I use valgrind and tau. But for heavily templated code like stan it’s worth to examine instantiation as well. For that we can try templight. Valgrind/Cachegrind/callgrind is the most accurate with multi-threading run but comes with a price of significant slowing-down.

For MPI run, in addition to end-to-end test, we need break it down the profiling into computing and communication. tau can examine both.

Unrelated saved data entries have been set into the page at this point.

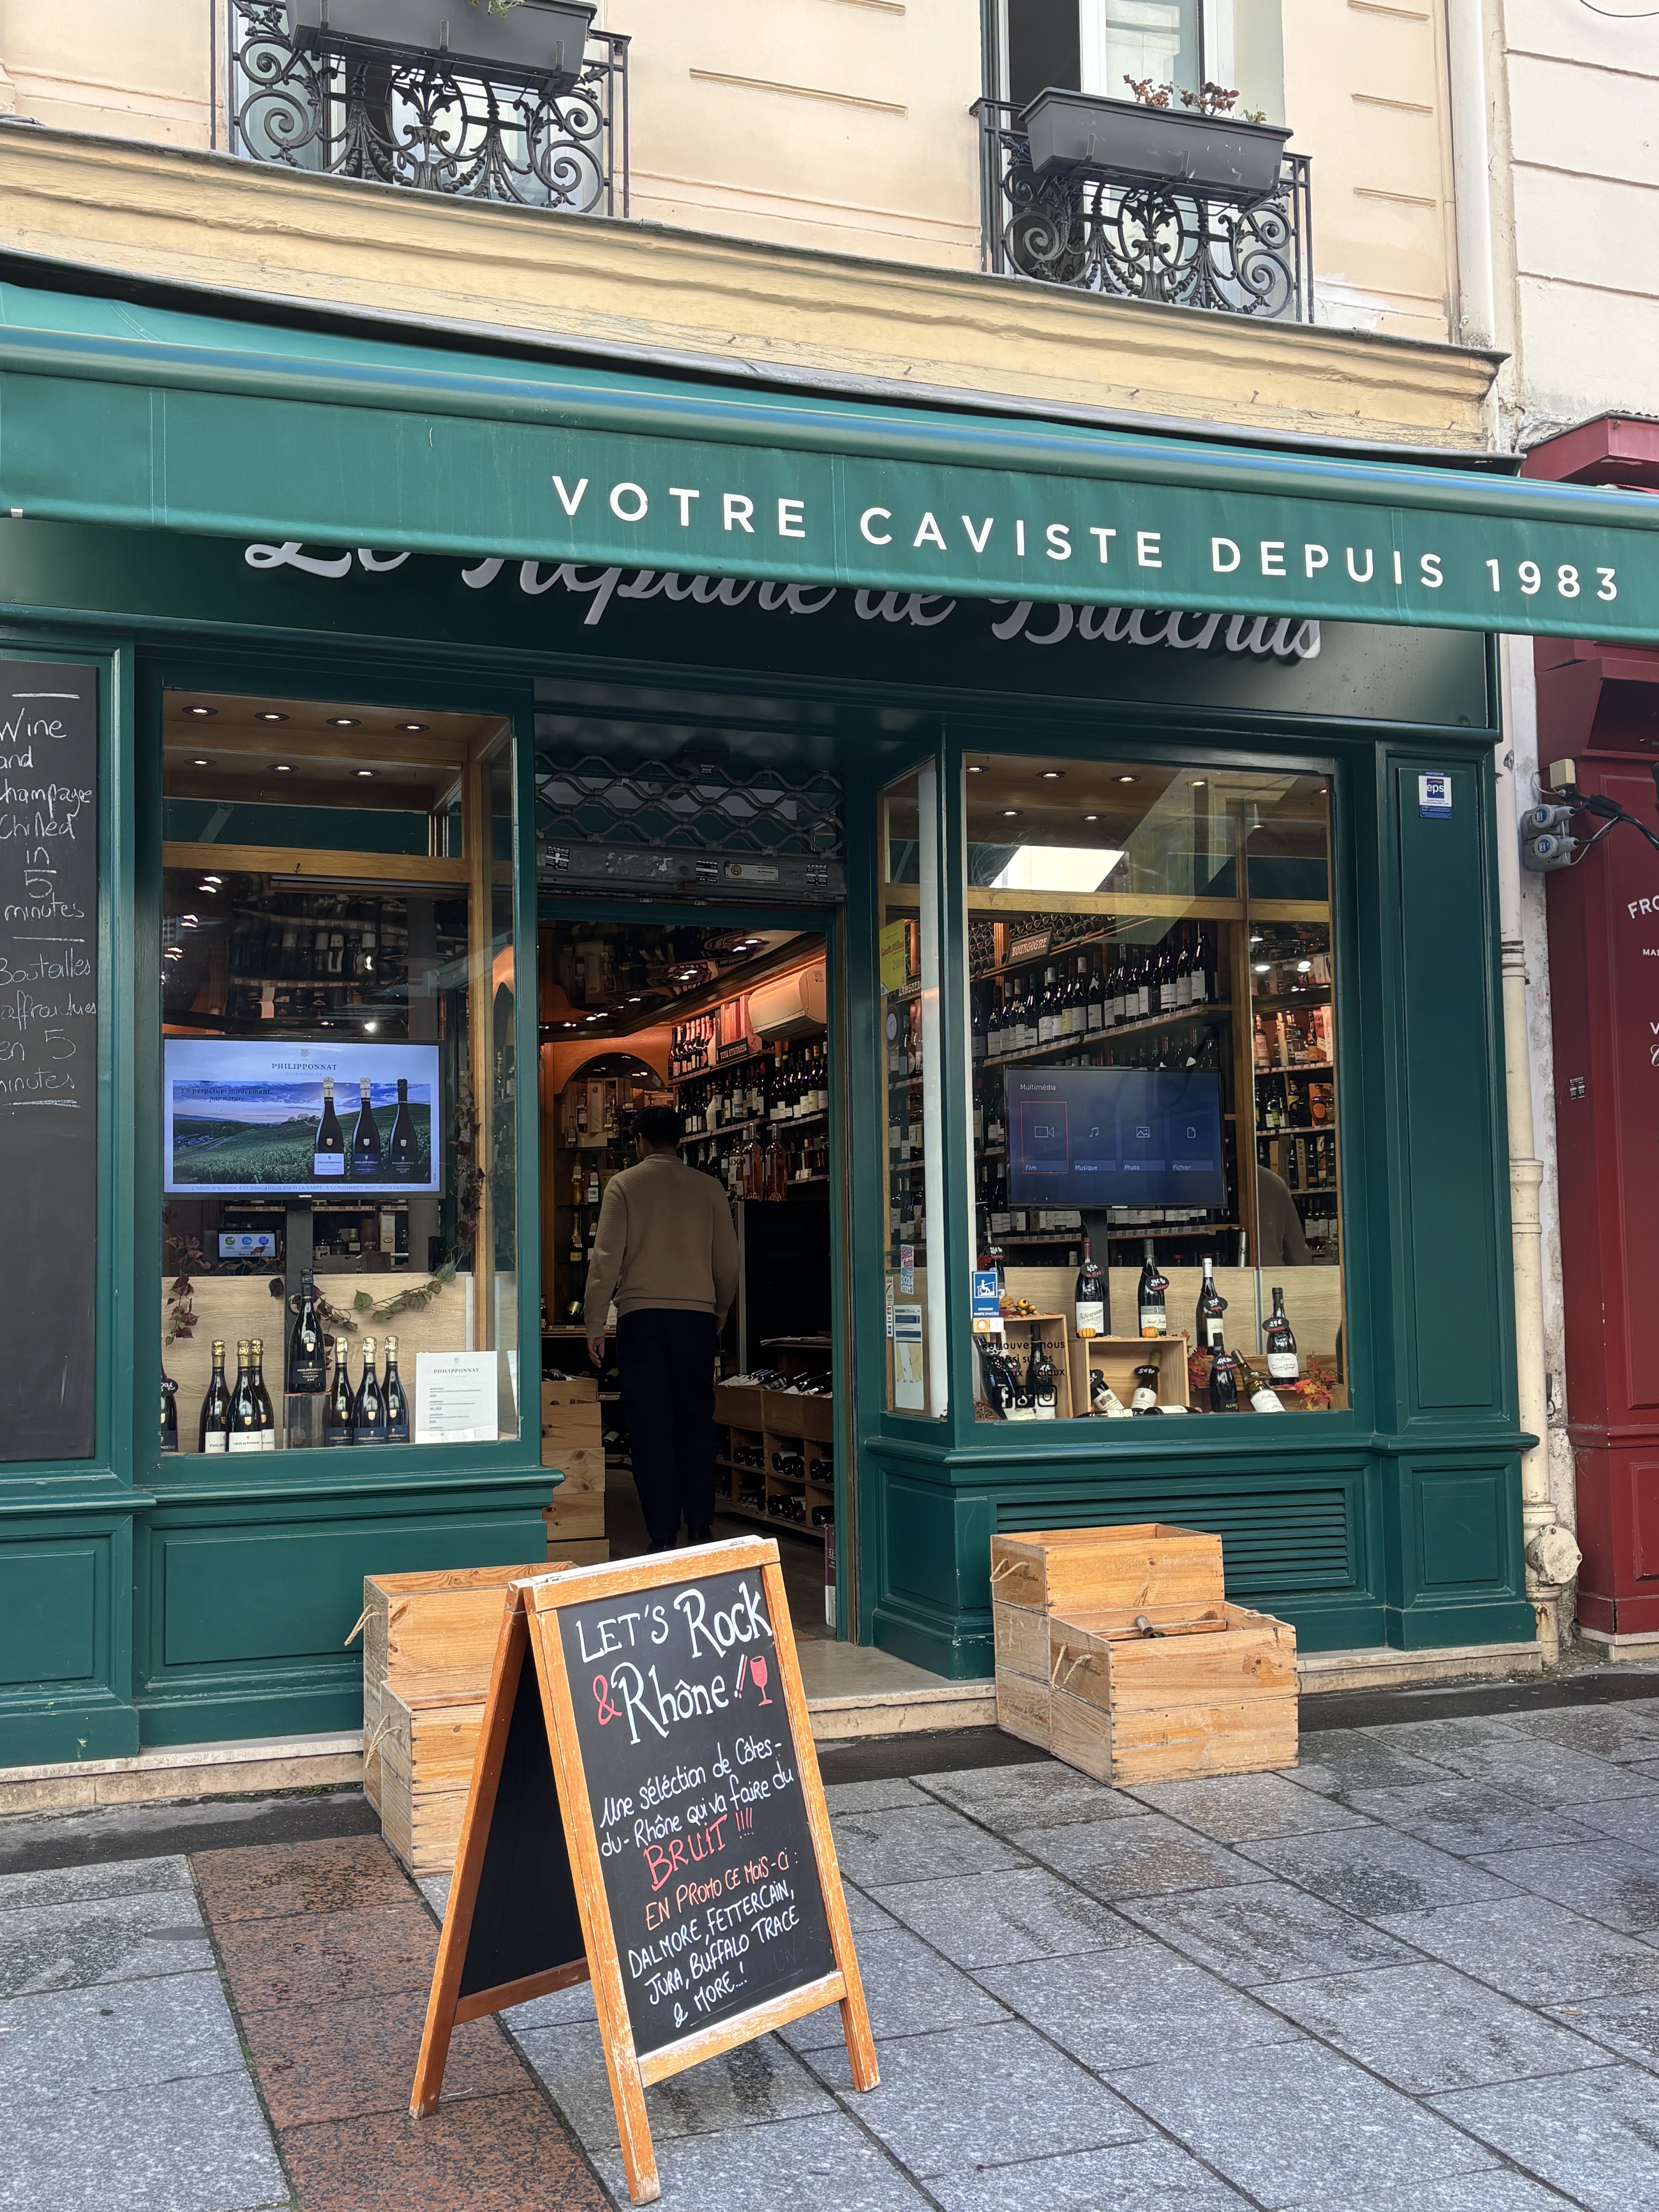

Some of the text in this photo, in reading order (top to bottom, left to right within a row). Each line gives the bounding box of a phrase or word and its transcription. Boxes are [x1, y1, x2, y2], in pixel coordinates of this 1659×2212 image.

[551, 475, 1618, 601] VOTRE CAVISTE DEPUIS 1983
[0, 745, 33, 769] and
[1427, 784, 1444, 794] eps
[0, 811, 76, 839] Chilled
[26, 843, 50, 865] in
[24, 869, 57, 898] 5
[4, 893, 85, 921] minutes
[0, 1029, 76, 1061] en 5
[575, 1604, 669, 1663] LET'S
[600, 1796, 634, 1828] Une
[713, 1742, 732, 1778] de
[687, 1797, 708, 1826] qui
[773, 1760, 794, 1790] du
[645, 1897, 670, 1931] EN
[675, 1878, 722, 1913] PROMO
[725, 1868, 741, 1890] CE
[644, 1905, 800, 2005] JURA, BUFFALO TRACE
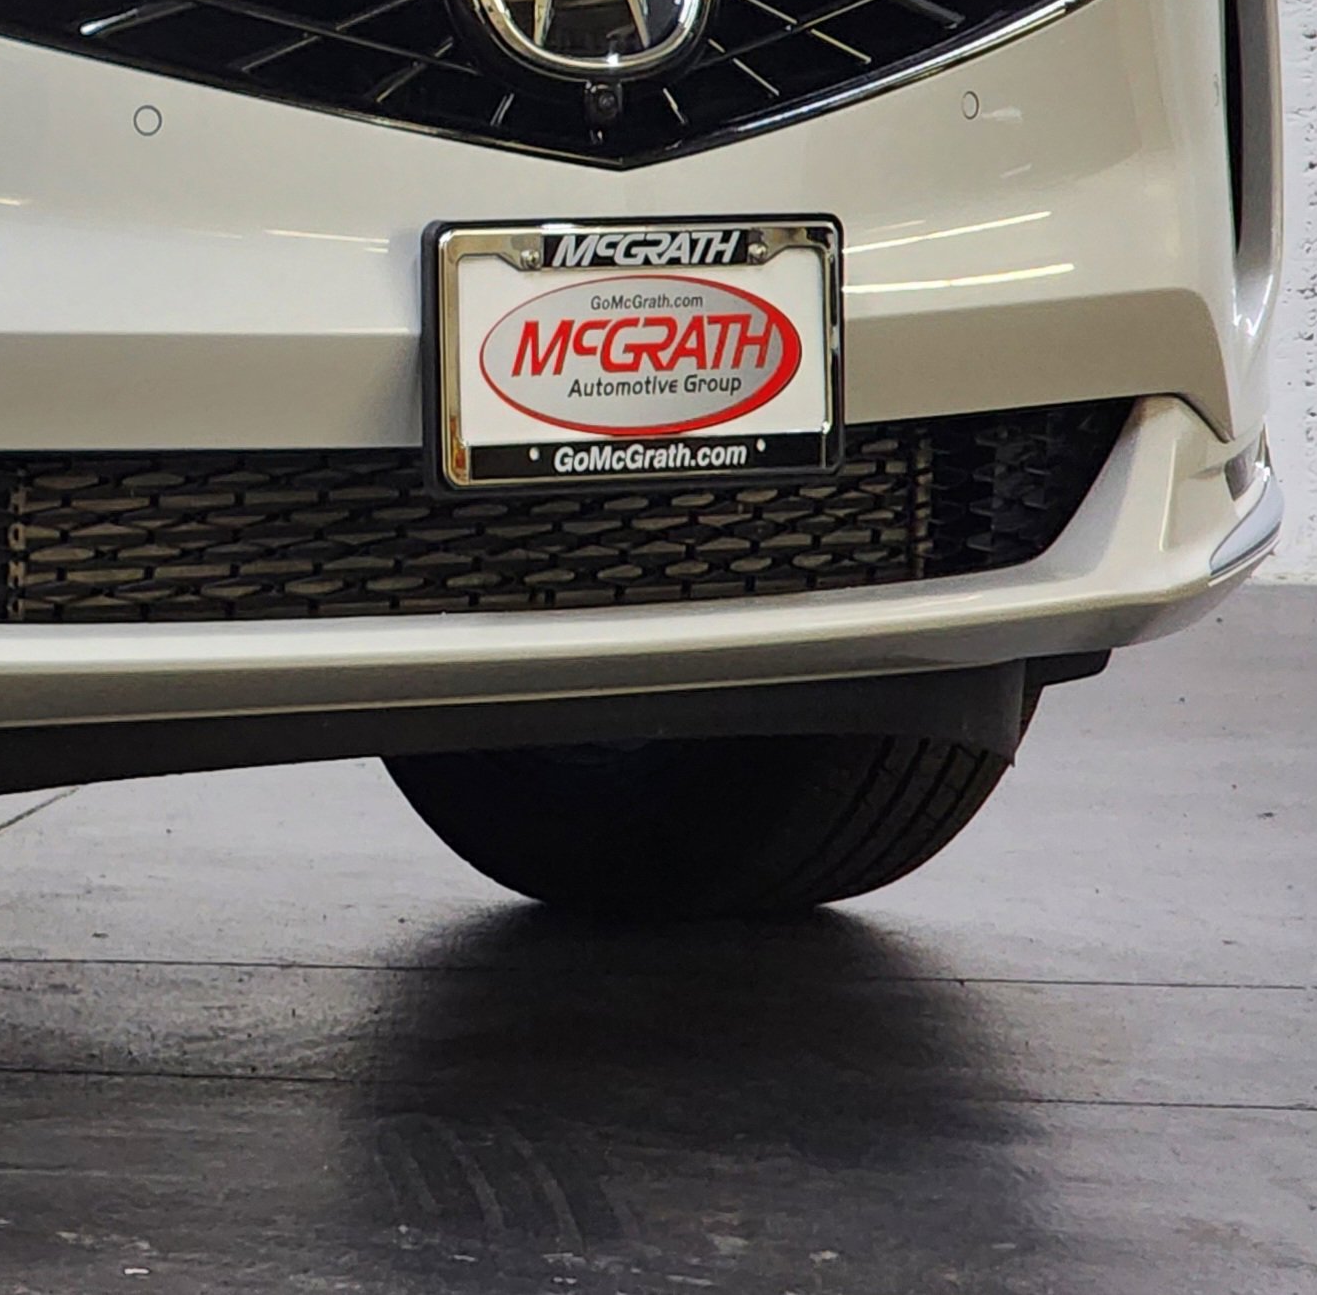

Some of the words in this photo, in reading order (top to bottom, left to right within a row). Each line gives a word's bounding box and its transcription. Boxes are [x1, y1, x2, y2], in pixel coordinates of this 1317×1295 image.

[590, 293, 704, 311] GoMcGrath.com
[568, 376, 678, 398] Automotive
[684, 375, 742, 397] Group
[554, 442, 748, 472] GoMcGrath.com
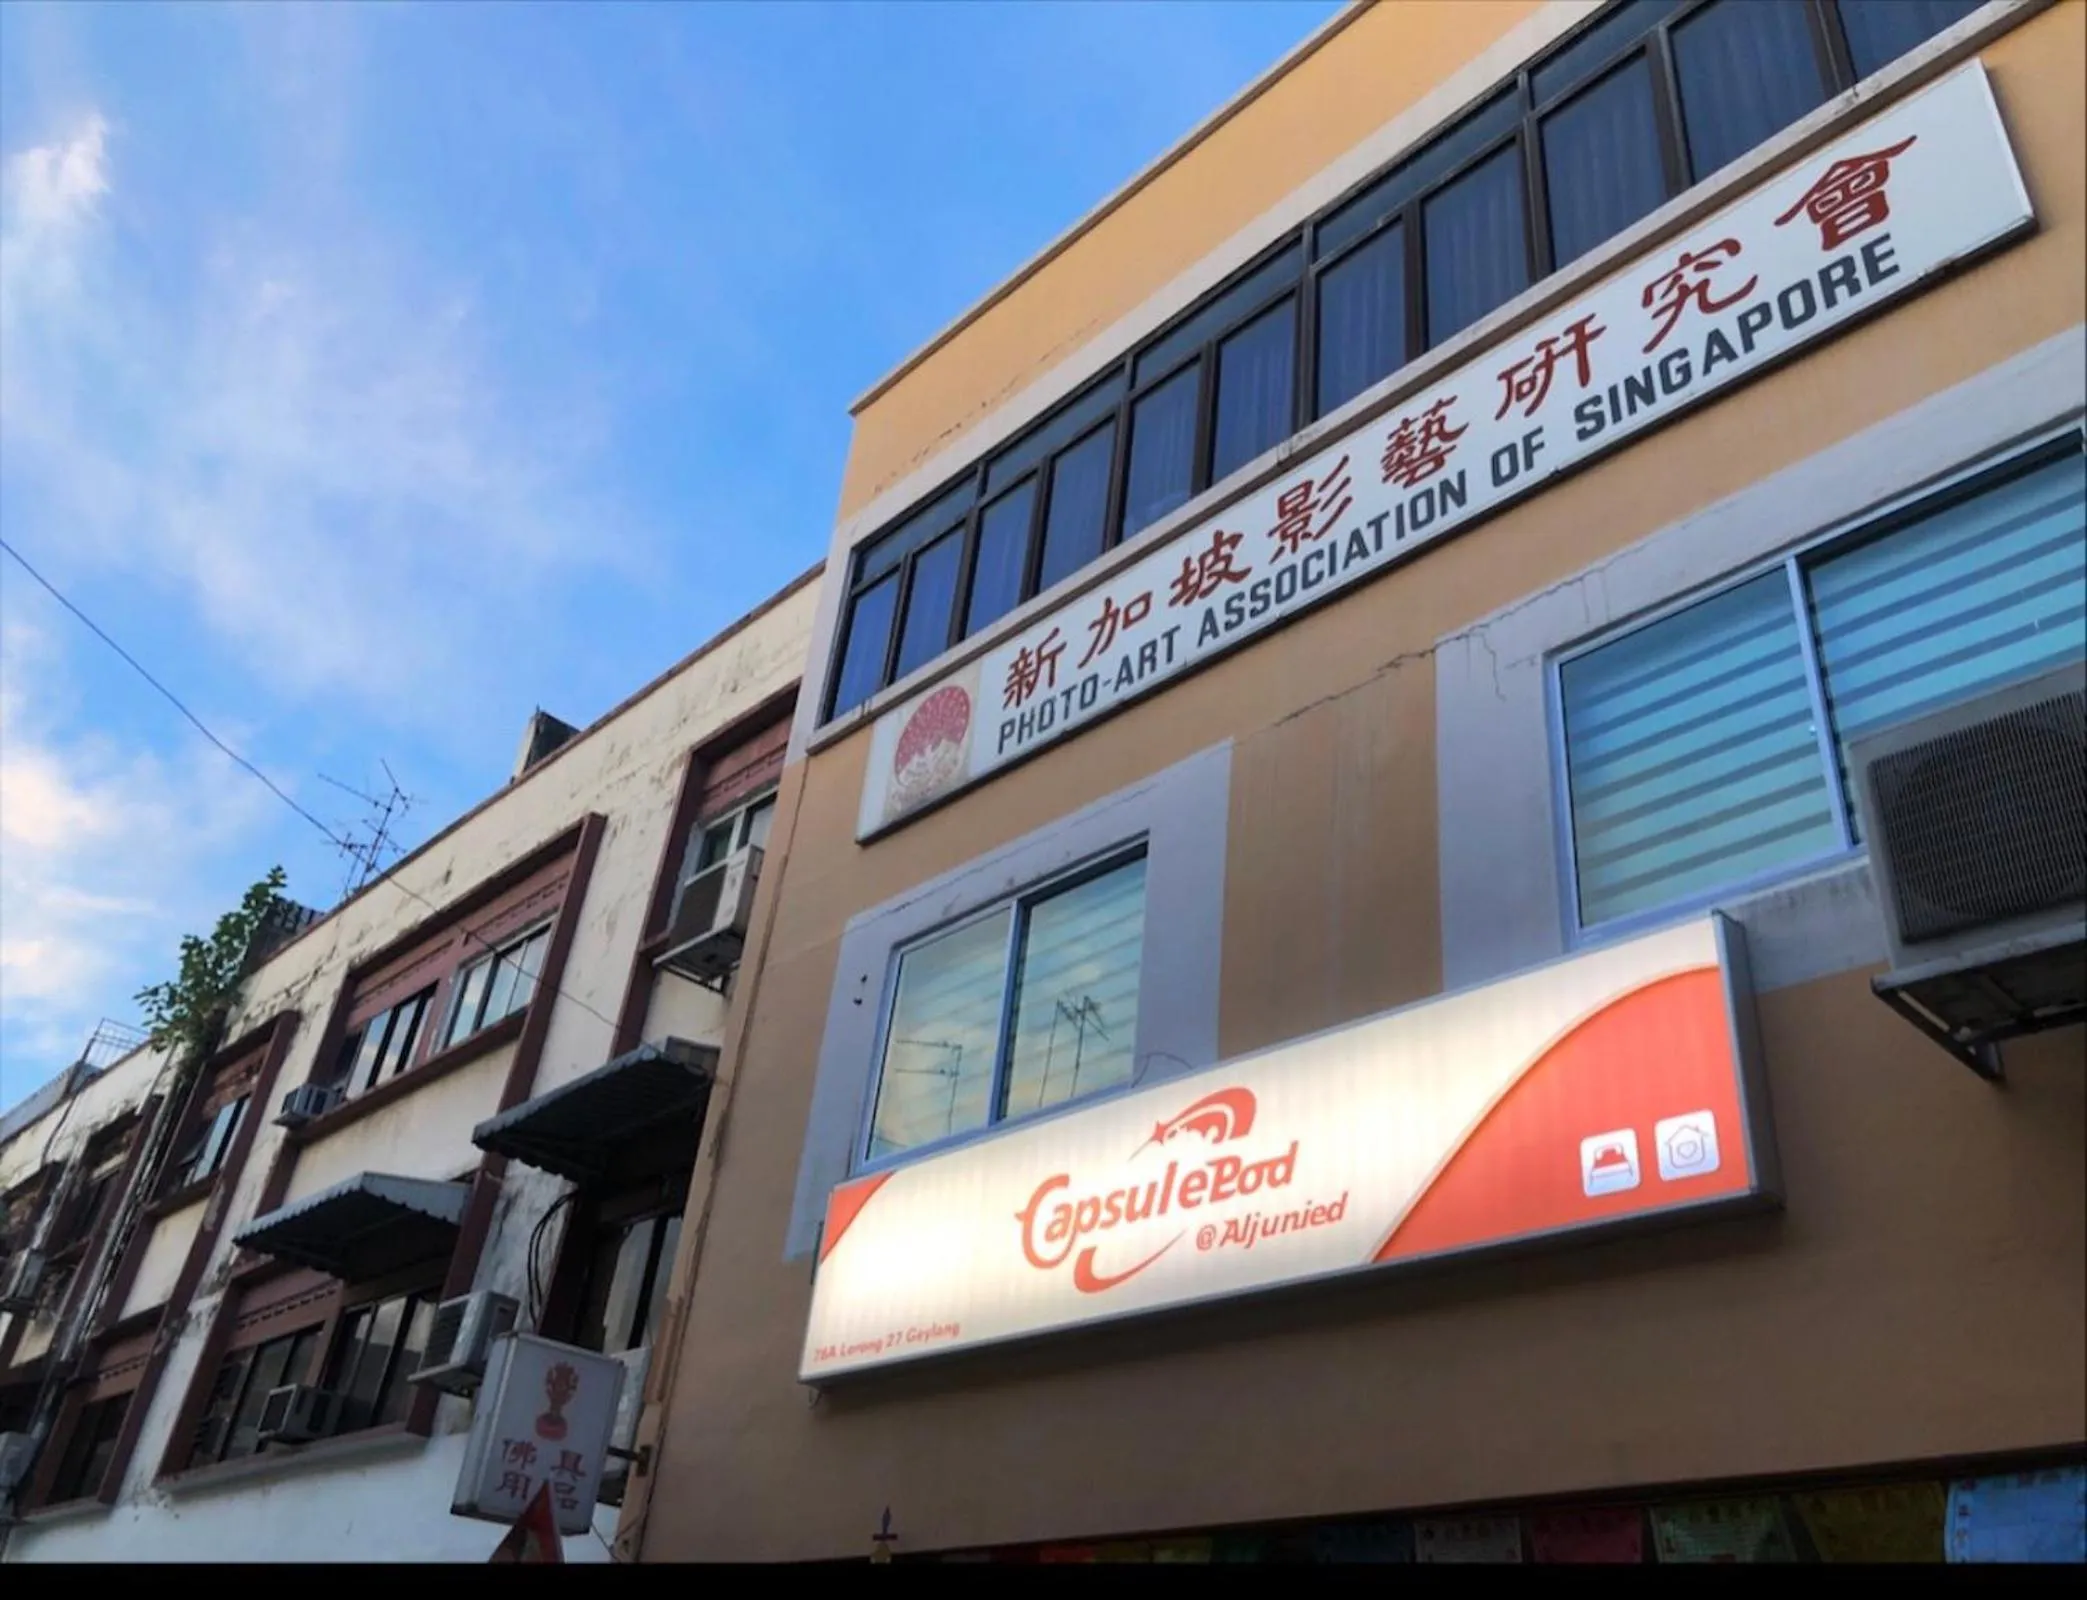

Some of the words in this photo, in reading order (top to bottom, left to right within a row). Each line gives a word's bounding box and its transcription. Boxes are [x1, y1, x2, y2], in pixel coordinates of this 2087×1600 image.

I heard gperftools is much faster than valgrind but less accurate.

1 Like

gperftools worked nicely for me before on some pretty low level Stan stuff: Adjoint sensitivities & Adjoint sensitivities (those are two different links – Discourse is automatically squishing them). Dunno about automated perf tests though.

1 Like

Regardless of profiler used, a lot of the time it’s easier to manually go through debug build to see where the code moves slowly. Then turn on -O3 after fixing the suspects.

1 Like

I used Xcode’s Instruments extensively when developing Nomad. Instruments has some super slick UI features, like mapping C++ to the corresponding machine instructions and runtime percentage, access to CPU diagnostic buffers, etc that were extremely useful. That said, as with many performance tools heavily inlined code can be hard to analyze.

2 Likes

I’ve only profiled on a Mac using Instruments. Unfortunately, the Time Profiler functionality of Instruments wasn’t actually something that provided useful results for profiling. If I recall, it would indicate that a large percentage of time was spent in the error checking functions. (When @bgoodri ran gdb, I believe he also saw similar results.) When running code that doesn’t have the debug instructions, it isn’t really where the time is being spent.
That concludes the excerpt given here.